REQUIREMENT: Leaving the pictures aside, repeat each line below exactly.

ENTRIES SUPPLIED:
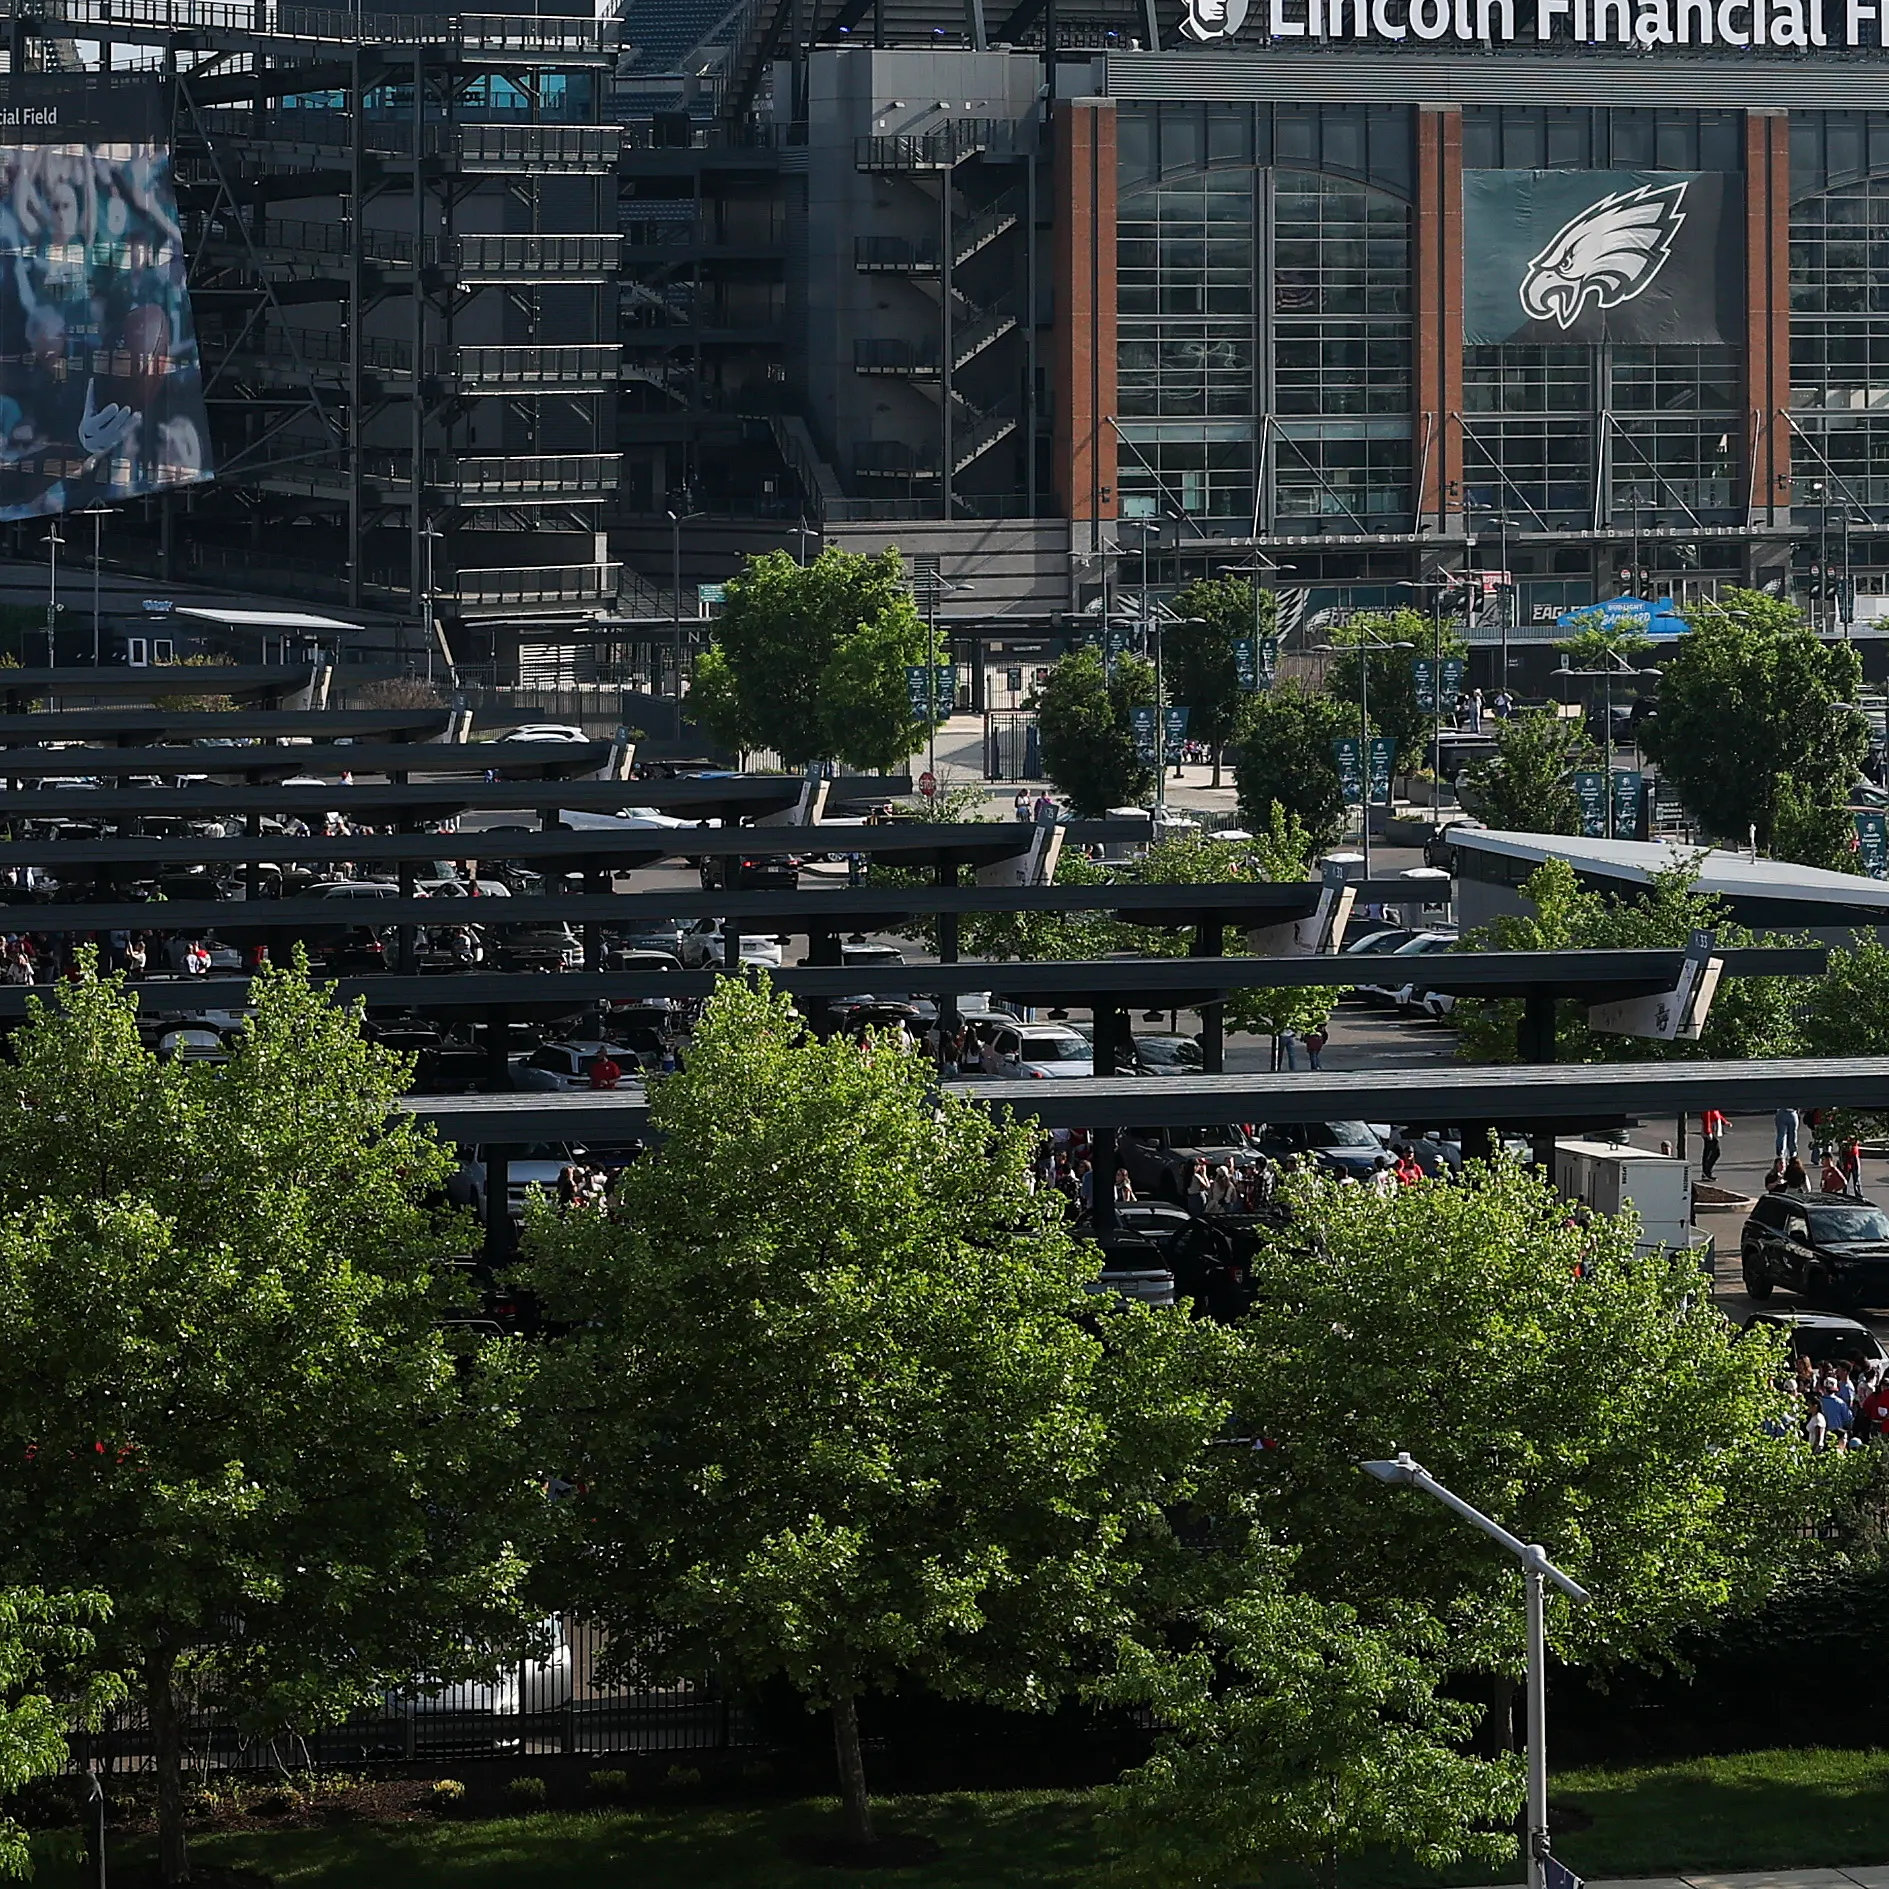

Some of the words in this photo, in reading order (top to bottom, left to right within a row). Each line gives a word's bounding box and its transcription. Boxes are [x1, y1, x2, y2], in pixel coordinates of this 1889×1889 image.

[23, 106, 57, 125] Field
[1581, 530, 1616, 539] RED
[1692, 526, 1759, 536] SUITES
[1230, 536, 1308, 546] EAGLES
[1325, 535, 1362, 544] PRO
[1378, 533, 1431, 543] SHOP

RESPONSE BELOW:
Some of the words in this photo, in reading order (top to bottom, left to right within a row). Each line gives a word's bounding box and its transcription. Boxes are [x1, y1, x2, y2], in pixel coordinates of this 1889×1889 image.

[23, 106, 57, 125] Field
[1581, 530, 1616, 539] RED
[1692, 526, 1759, 536] SUITES
[1230, 536, 1308, 546] EAGLES
[1325, 535, 1362, 544] PRO
[1378, 533, 1431, 543] SHOP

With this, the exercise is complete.